Work order
I'd like the entries repeated exactly, pictures omitted.

Entries supplied
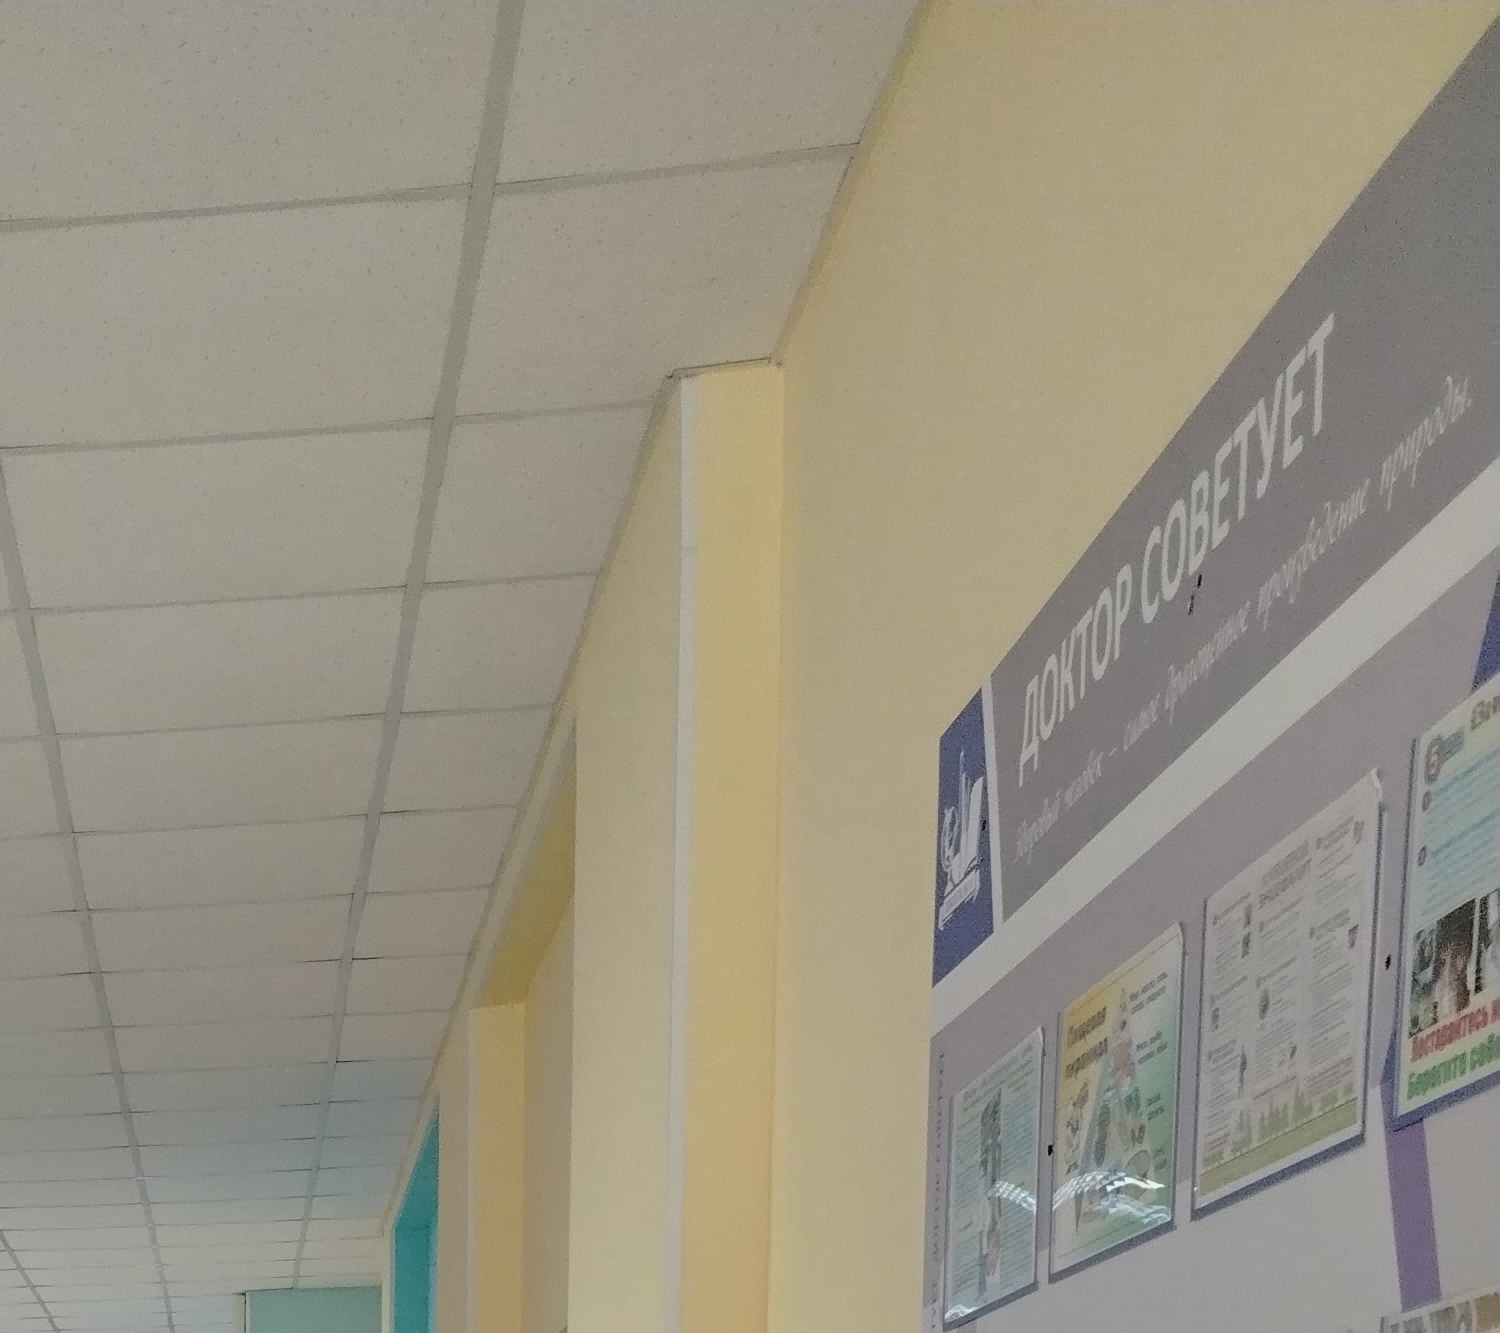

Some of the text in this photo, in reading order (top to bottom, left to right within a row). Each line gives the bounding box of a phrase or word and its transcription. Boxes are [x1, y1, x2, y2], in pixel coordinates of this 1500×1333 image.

[1019, 312, 1334, 788] ДОКТОР СОВЕТУЕТ
[1257, 477, 1370, 632] произведение
[1379, 375, 1473, 512] природы.
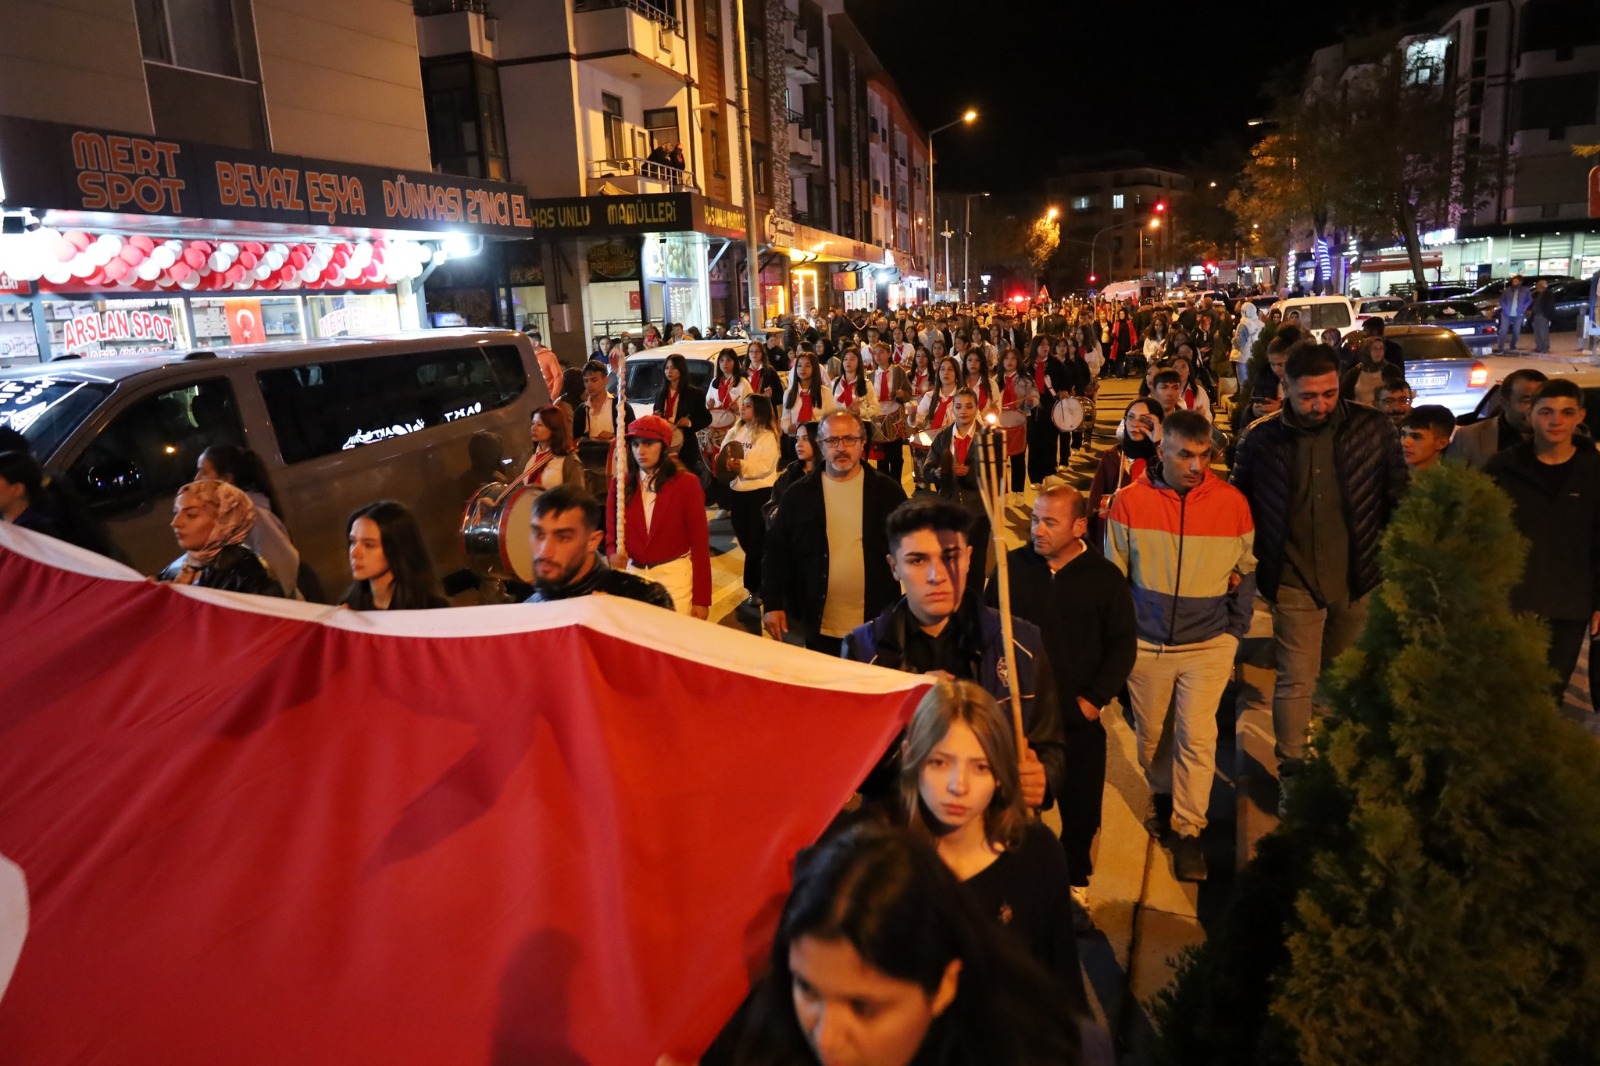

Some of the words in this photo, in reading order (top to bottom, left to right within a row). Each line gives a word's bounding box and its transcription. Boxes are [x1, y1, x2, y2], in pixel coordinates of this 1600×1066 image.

Solution
Some of the text in this photo, in reading order (top to bottom, left to right within a row). Each line gives the bounding box of a phrase or word and its transcription. Boxes are [x1, y1, x2, y2], in pixel coordinates of this 1500×1333 image.

[1019, 312, 1334, 788] ДОКТОР СОВЕТУЕТ
[1257, 477, 1370, 632] произведение
[1379, 375, 1473, 512] природы.

Some of the words in this photo, in reading order (top to bottom, left to right within a row). Each line gives a word's bounding box and its transcription. Boxes are [x1, y1, x2, y2], in pixel coordinates of this 1600×1066 image.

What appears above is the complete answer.